In the above diagram, I use the following notation: $V$ is the circumferential speed, $\omega_D$, $\omega_d$ are the angular velocities and $r_D$, $r_d$ are the pitch circle radii for the driving (D) and driven (d) gears respectively.
Given $V$ is the same everywhere in an in-plane gear train, it can be shown that, according to kinematics:
$$V = \omega_D r_D = \omega_d r_d$$
And so the (reduction) gear ratio is:
$$G = \frac{\omega_D}{\omega_d} = \frac{r_d}{r_D} \implies G = \frac{N_d}{N_D}$$
$N_D$ and $N_d$ are the number of teeth on the driving and driven gears respectively.

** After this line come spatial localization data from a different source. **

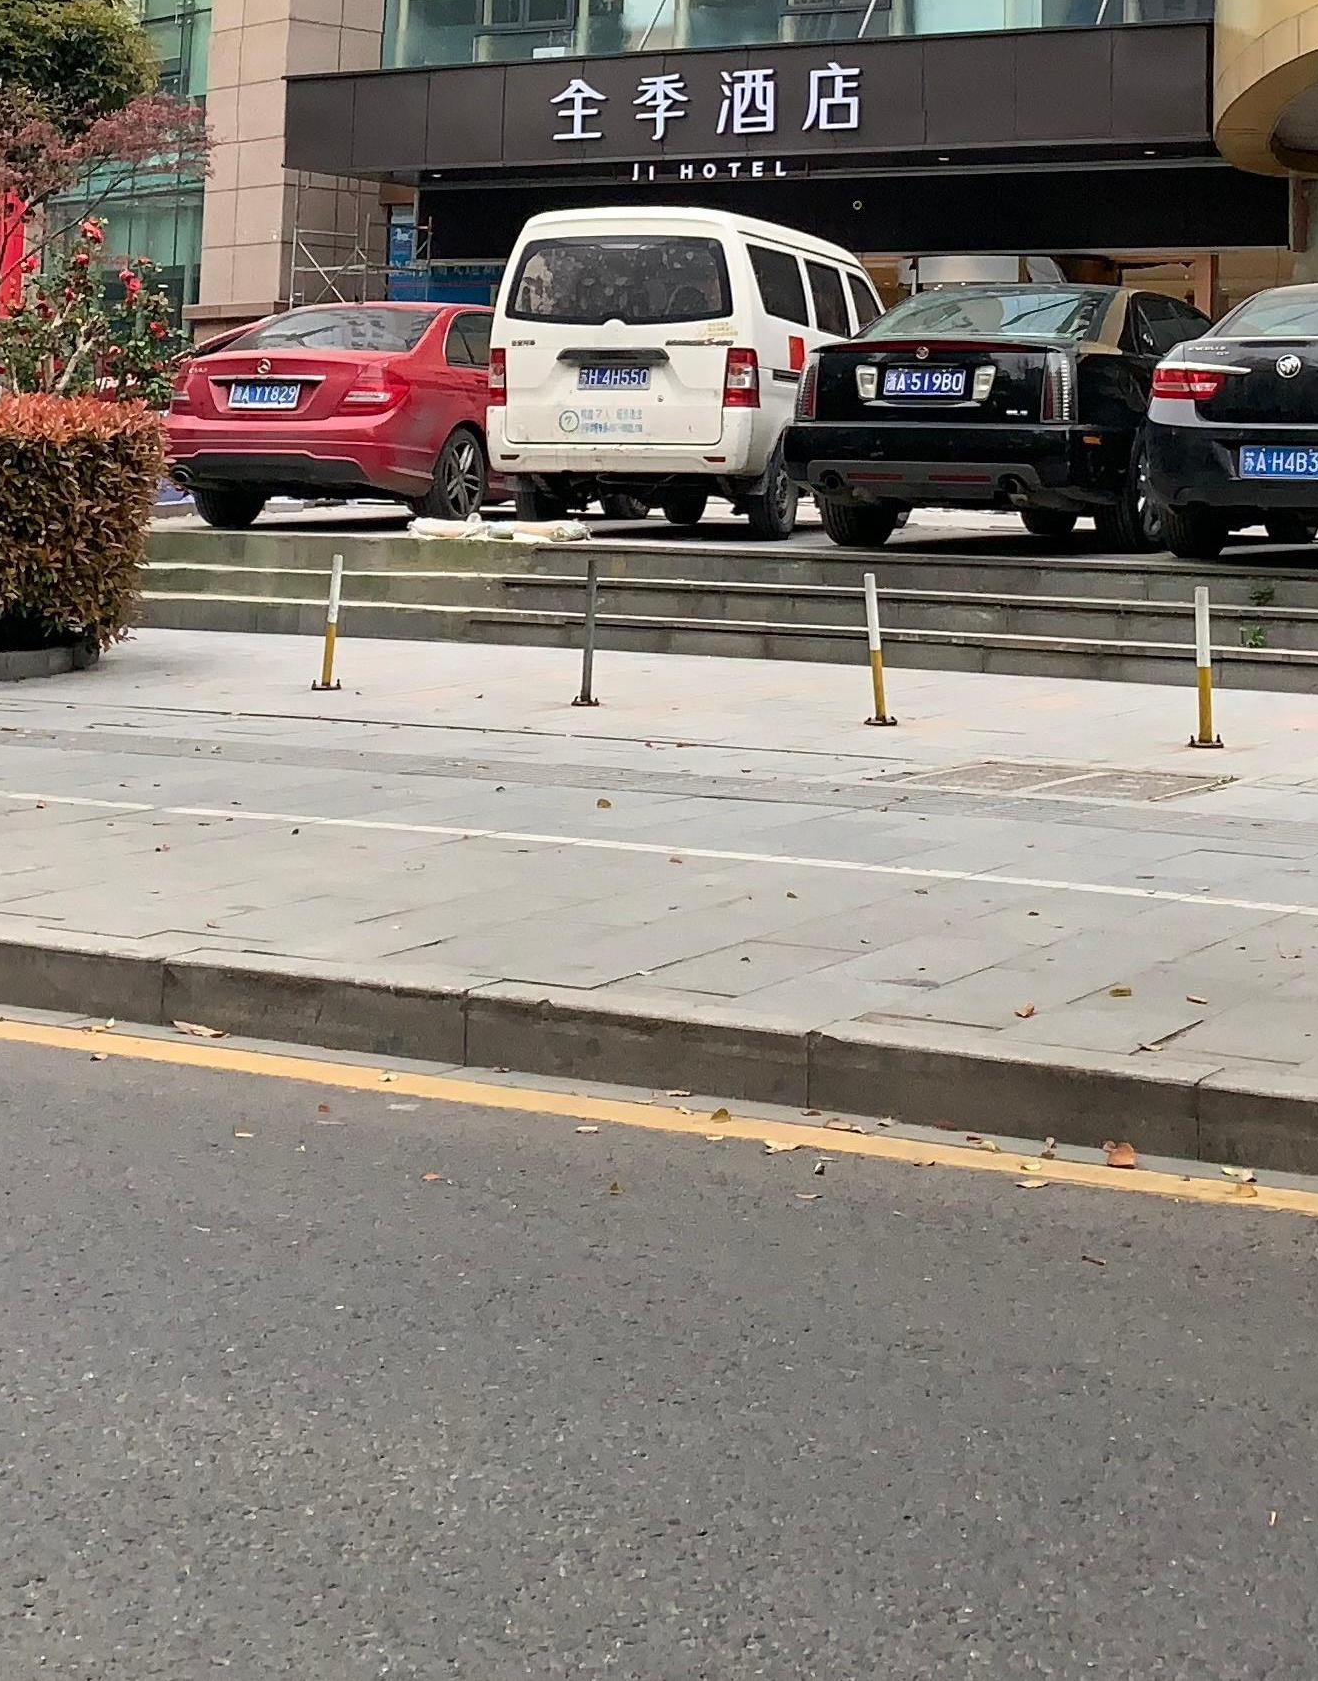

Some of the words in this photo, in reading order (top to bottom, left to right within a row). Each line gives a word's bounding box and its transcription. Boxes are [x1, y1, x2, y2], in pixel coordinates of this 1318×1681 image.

[550, 62, 862, 142] 全季酒店
[631, 163, 655, 182] JI
[679, 160, 788, 181] HOTEL
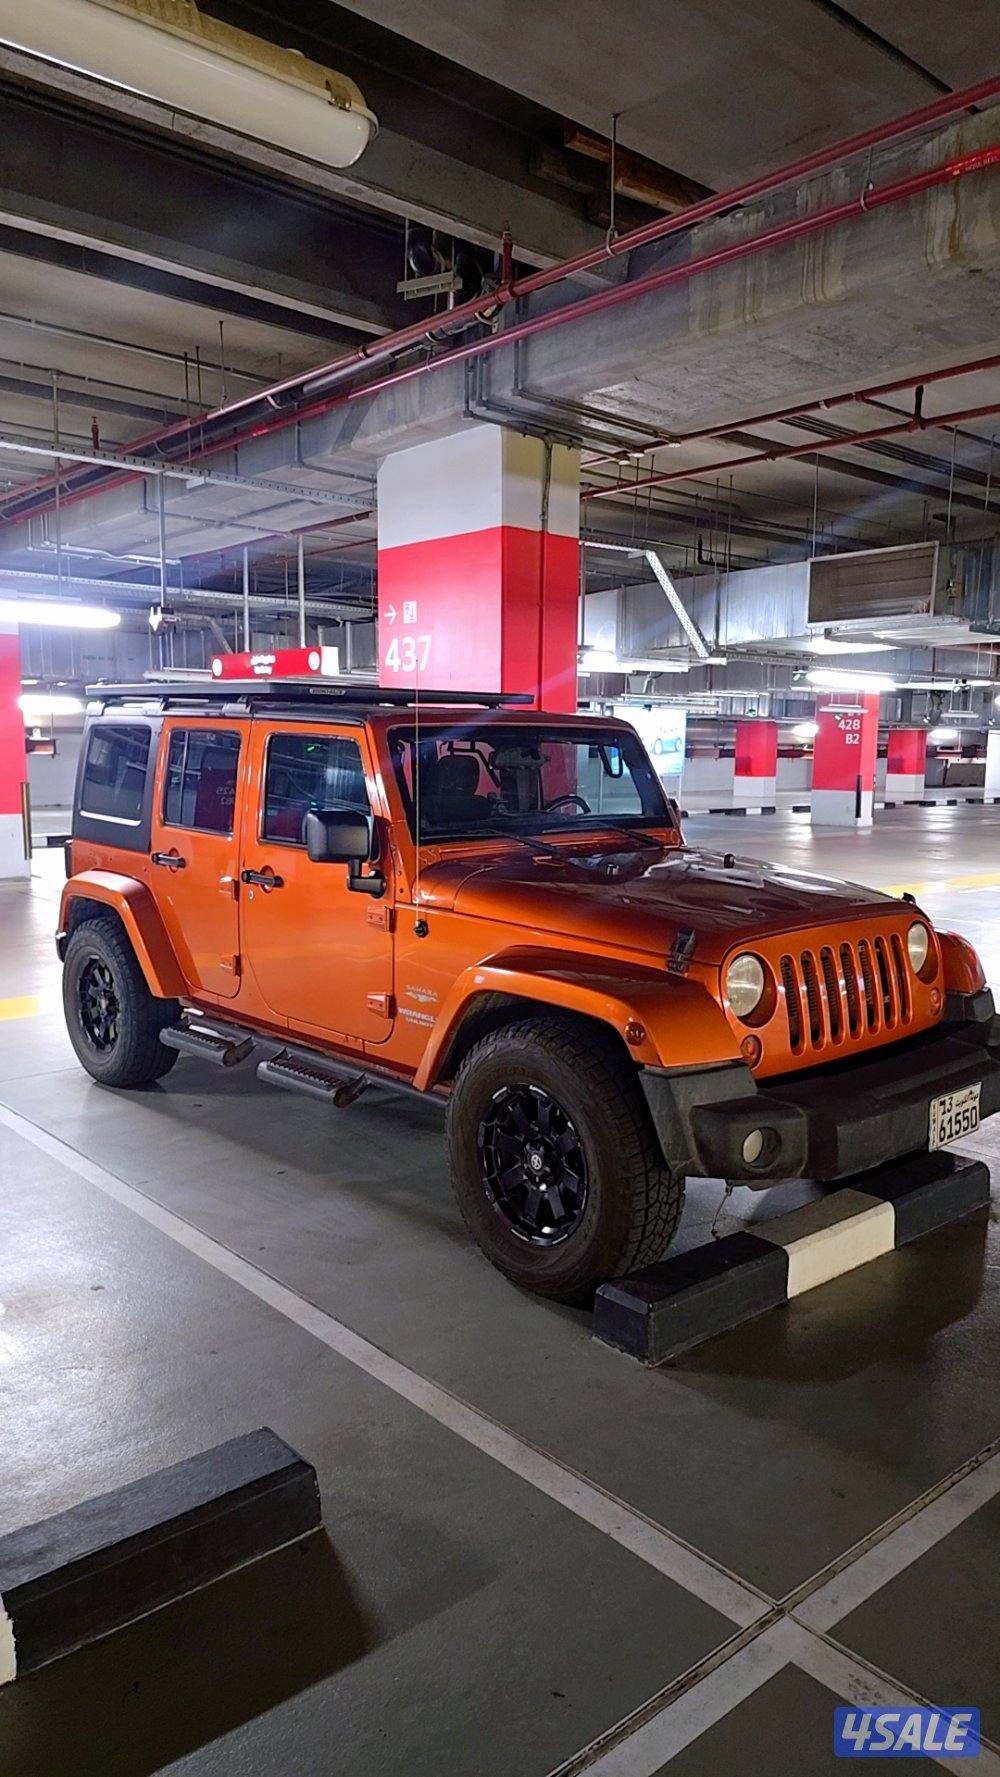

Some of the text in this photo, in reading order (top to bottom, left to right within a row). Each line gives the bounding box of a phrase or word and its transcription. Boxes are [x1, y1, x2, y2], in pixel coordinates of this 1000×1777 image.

[384, 634, 432, 673] 437
[838, 719, 861, 731] 428
[845, 733, 860, 745] B2
[939, 1105, 978, 1143] 61550
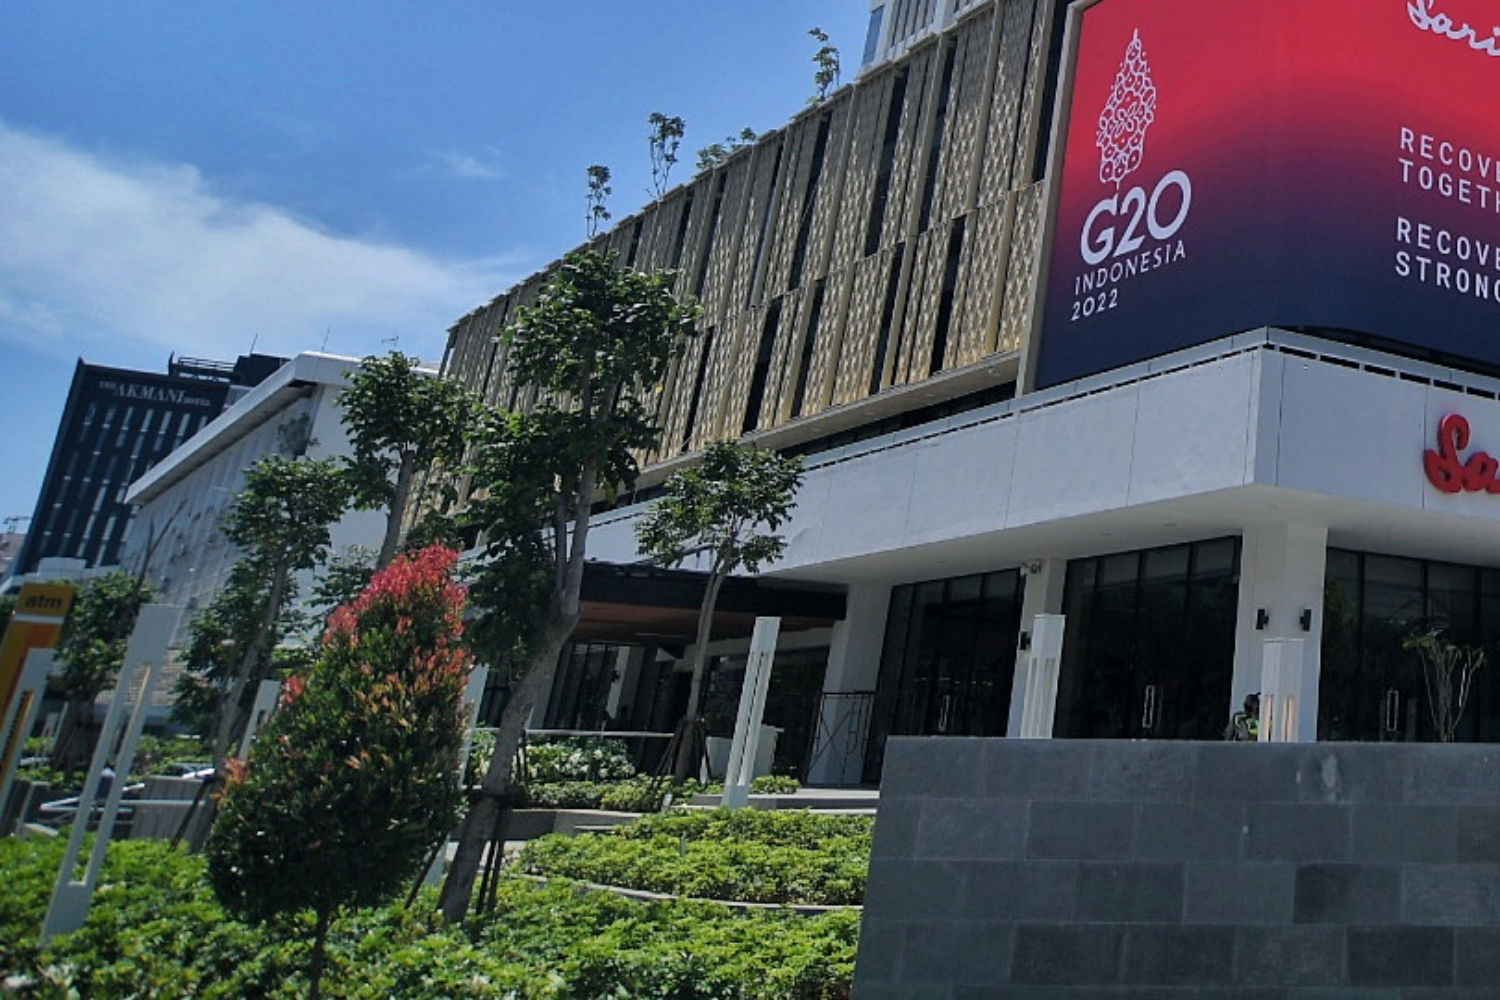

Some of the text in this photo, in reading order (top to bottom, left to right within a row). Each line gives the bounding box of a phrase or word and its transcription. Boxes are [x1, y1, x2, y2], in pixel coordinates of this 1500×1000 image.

[1080, 170, 1192, 265] G20
[1074, 239, 1186, 296] INDONESIA
[1070, 288, 1118, 322] 2022
[114, 383, 186, 403] AKMANI
[25, 594, 63, 609] atm
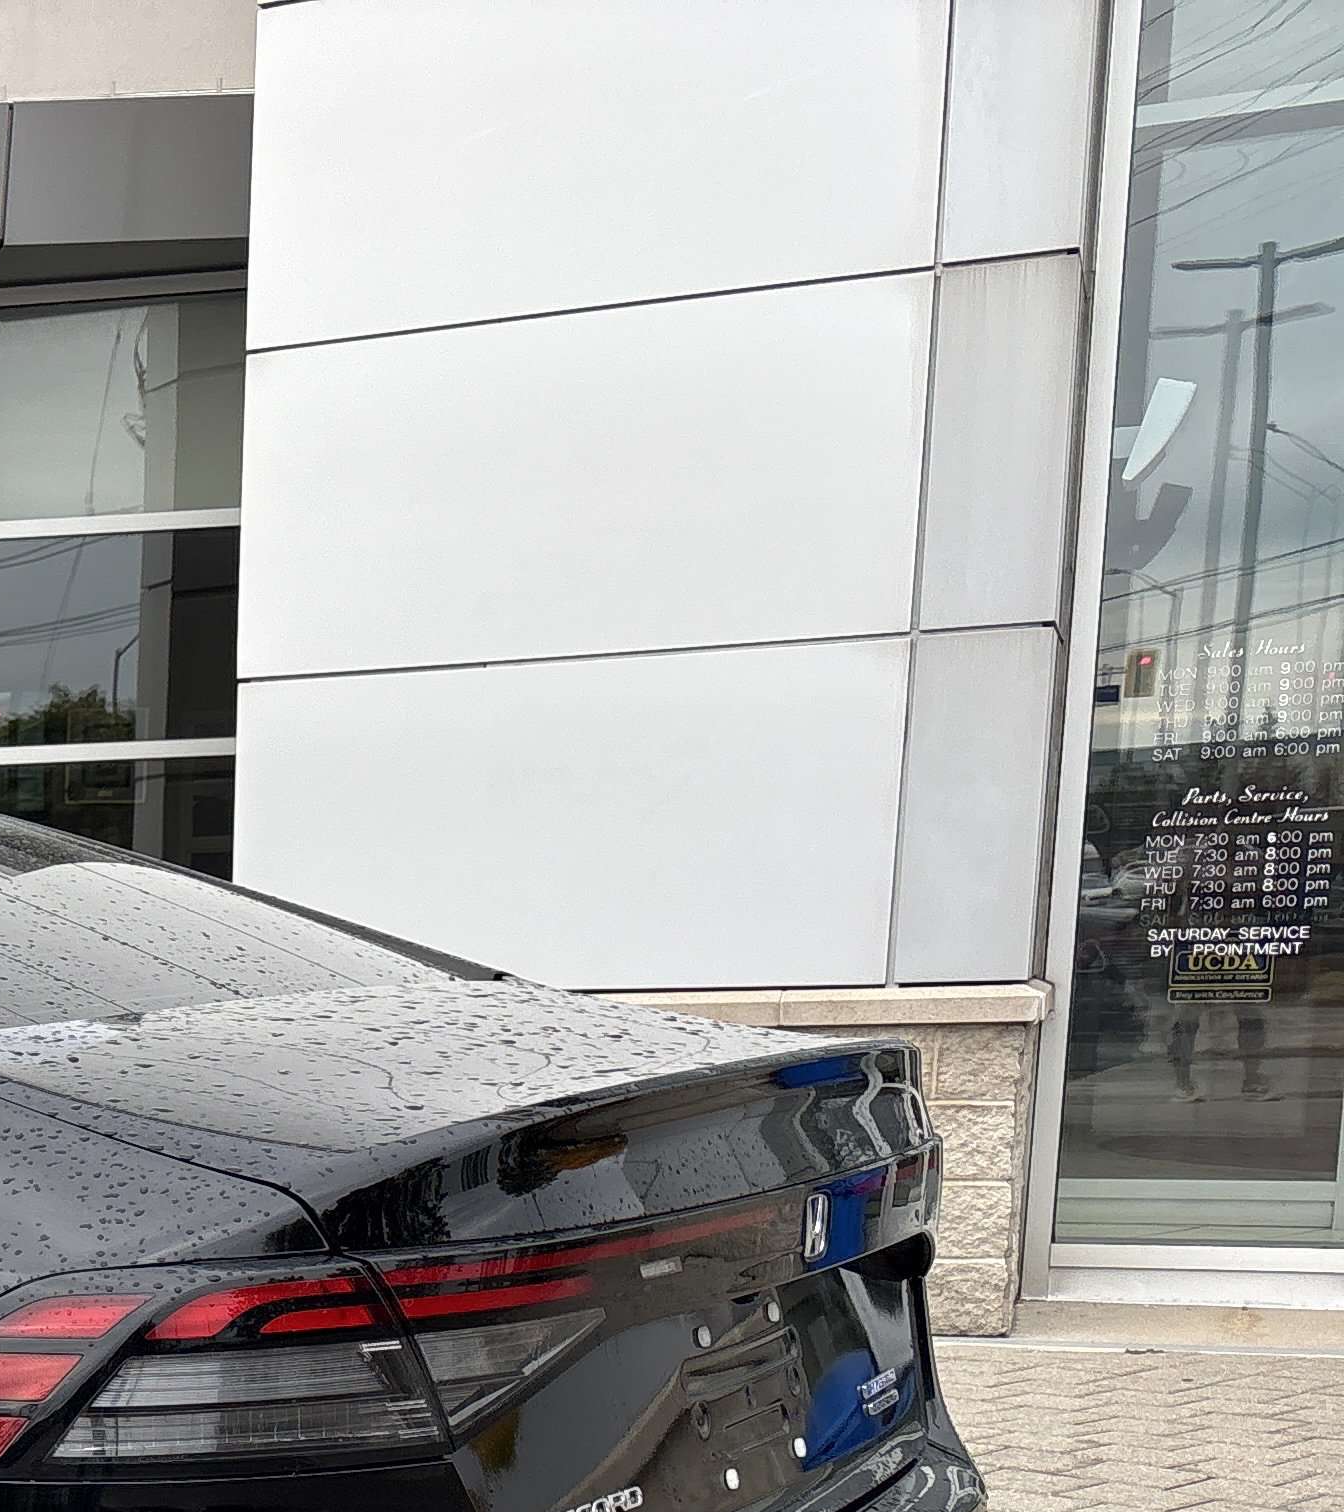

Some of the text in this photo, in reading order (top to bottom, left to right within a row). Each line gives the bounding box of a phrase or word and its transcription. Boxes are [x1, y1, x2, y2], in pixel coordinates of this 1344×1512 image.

[1199, 639, 1304, 659] Sales Hours
[1158, 667, 1198, 680] MON
[1159, 683, 1192, 696] TUE
[1156, 700, 1196, 713] WED
[1278, 693, 1313, 706] 9:00
[1320, 694, 1344, 706] pm
[1277, 709, 1312, 722] 9:00
[1318, 710, 1343, 722] pm
[1154, 726, 1342, 746] FRI 9:00 am 6:00 pm
[1152, 742, 1340, 762] SAT 9:00 am 6:00 pm
[1182, 784, 1309, 806] Parts, Service,
[1152, 806, 1329, 828] Collision Centre Hours
[1145, 830, 1334, 848] MON 7:30 am 6:00 pm
[1146, 846, 1332, 864] TUE 7:30 am 8:00 pm
[1144, 862, 1330, 879] WED 7:30 am 8:00 pm
[1144, 878, 1330, 895] THU 7:30 am 8:00 pm
[1140, 894, 1328, 911] FRI 7:30 am 6:00 pm
[1147, 925, 1311, 942] SATURDAY SERVICE
[1150, 941, 1304, 958] BY PPOINTMENT
[1187, 954, 1259, 970] UCDA

And so it can be seen that the gear ratio is indeed independent of the intermediate gears.
COMPOUND GEAR TRAIN
For gear trains like in arrangement 1, where at least one pair of gears involved in transmission motion are linked by a shaft, the circumferential speed is not the same everywhere:
In the above, by kinematics:
$$\omega = \frac{V_1}{r_1} = \frac{V_2}{r_2} \rightarrow r_1 \ne r_2 \implies V_1 \ne V_2$$
Instead, to determine the gear ratio of such a system, it helps to consider gear ratios of sub-systems consisting of only in-plane gear trains:
In the above diagram, there are two sub-systems of in-plane gears: the lower set and the upper set. Consider the lower set of gears having its own gear ratio, noting that all the gears in this set are in-plane:
$$G_1=\frac{\omega_D}{\omega_1}=\frac{N_1}{N_D}$$
Similarly, for the upper sub-system of gears:
$$G_2=\frac{\omega_1}{\omega_d}=\frac{N_d}{N_2}$$
Therefore, the overall gear ratio can be determined:
$$G = \frac{\omega_D}{\omega_d}=\frac{\omega_D}{\omega_1} \frac{\omega_1}{\omega_d} = G_1 G_2$$
Therefore, it can be shown that for a compound (out-of-plane) gear train, the gear ratio is equal to the gear ratios of in-plane sub-systems all multiplied together.